Adele’s debut album went double platinum in the US. Her sophomore album, 21, broke the record for longest number-1 album by a woman in history—a feat unconquered since Whitney Houston’s “The Bodyguard”—and it is the fourth best-selling album of the past 10 years in the United States. Since the spawn of her career, which was only five years ago, the “Chasing Pavements” singer has already managed to snag nine Grammy Awards (12 nominations), four American Music Awards (5 nominations) and most recently, she was nominated for and won an Oscar for Best Original Song. Similarly, the late Amy Winehouse won 6 Grammy awards of her 8 nominations and would have probably gained even more commercial success if not for her unfortunate, very public battle with drug addiction, which led to her untimely death.
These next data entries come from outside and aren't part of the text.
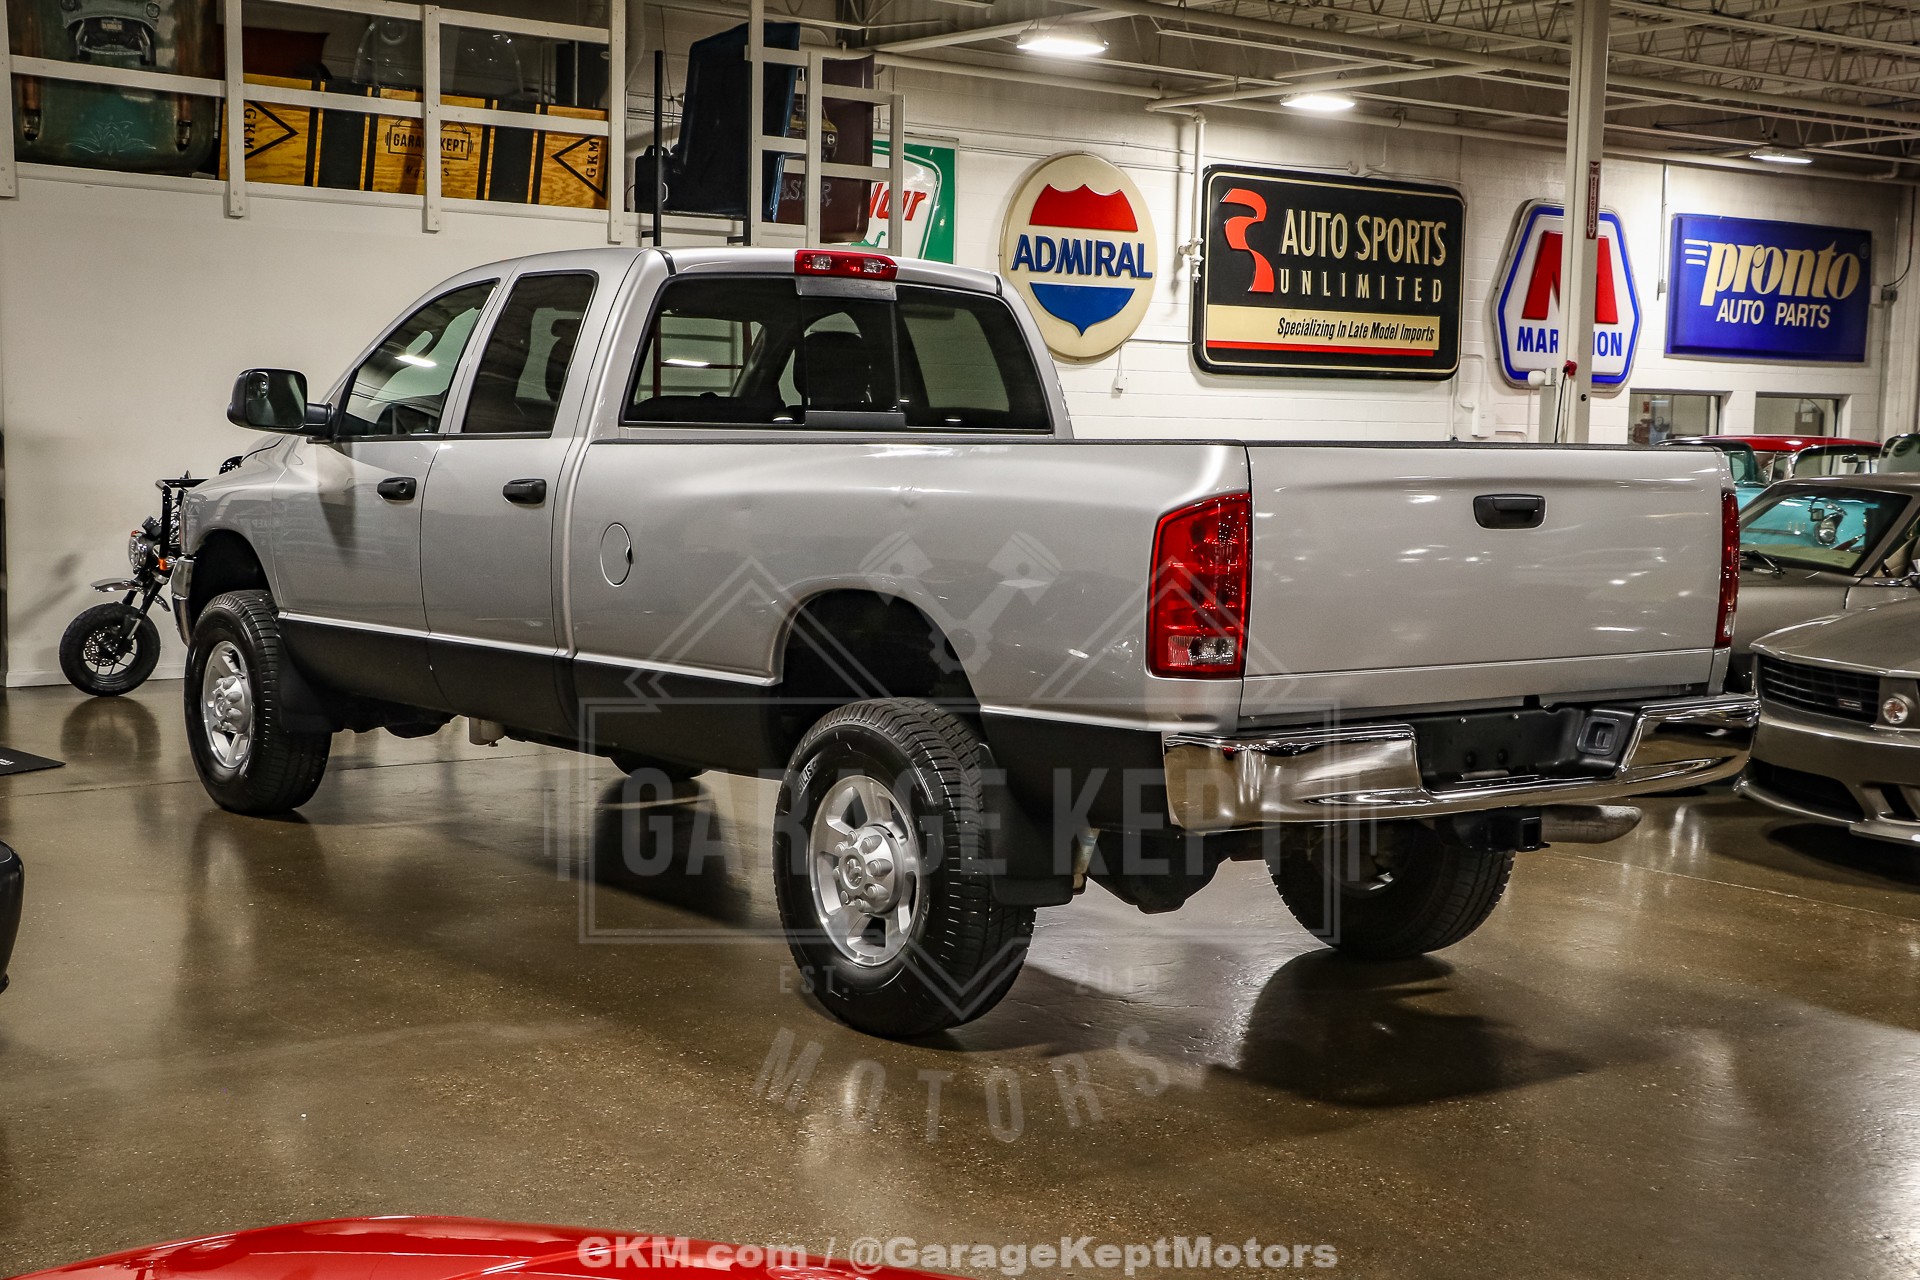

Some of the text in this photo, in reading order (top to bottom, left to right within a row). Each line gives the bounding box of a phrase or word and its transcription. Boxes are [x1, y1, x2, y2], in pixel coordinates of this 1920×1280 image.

[244, 108, 257, 149] GKM
[393, 133, 426, 149] GARA
[586, 141, 600, 178] GKM
[1279, 208, 1447, 267] AUTO SPORTS
[1011, 234, 1153, 279] ADMIRAL
[1700, 240, 1860, 306] pronto
[1280, 267, 1442, 303] UNLIMITED
[1277, 317, 1435, 343] Specializing In Late Model Imports
[1716, 298, 1831, 329] AUTO PARTS
[1516, 325, 1623, 357] MARON
While both Adele and Winehouse are true talents whose songs with substance are a breath of fresh air, neither of them were anything new upon their debut, minus the White factor. Before an Adele or an Amy, there was Jill Scott, India.Arie, Vivan Green and Chrisette Michele (who stepped on the scene after Amy but before Adele), along with others who are just as skilled in both the writing and vocal arenas—and much better live if you ask me, but that’s beside the point.
Despite their comparable level of talent, however, they don’t have as much to show for it when it comes to major awards and accolades. Since the release of her first studio album in 2001, Jill Scott has only taken home three Grammy Awards, out of her 13 nominations; and she has not been nominated for any AMAs. Fellow soul singer India.Arie has only won four of her whopping 21 Grammy nominations. Vivian Green has never been nominated for a mainstream award—not even for “Emotional Rollercoaster!” Chrisette Michelle won one of two Grammy nominations. I also find it interesting that when Black soul singers, like these ladies, are nominated for more mainstream awards such as the Grammys or the AMAs, they’re mainly restricted to R&B or Urban Performance categories versus more general categories like Best Song or Album of the Year.
This happens way too often in popular culture, so I can’t help but wonder if this will also be the case with Emeli. Hopefully not because it would truly be a shame for another talent powerhouse to not evolve into the limitless icon she has the ability of becoming. Her album is a beautiful body of work with influences from the greats, including one of her idols Lauryn Hill. Maybe the world (mainly America since the UK and her Scottish home has already shown her a significant amount of love) will look beyond her hue and be so gracious as to grant her the superstardom she deserves. Fingers crossed!
Do you agree or disagree that White artists with soul are held in higher regards than Black artists with soul?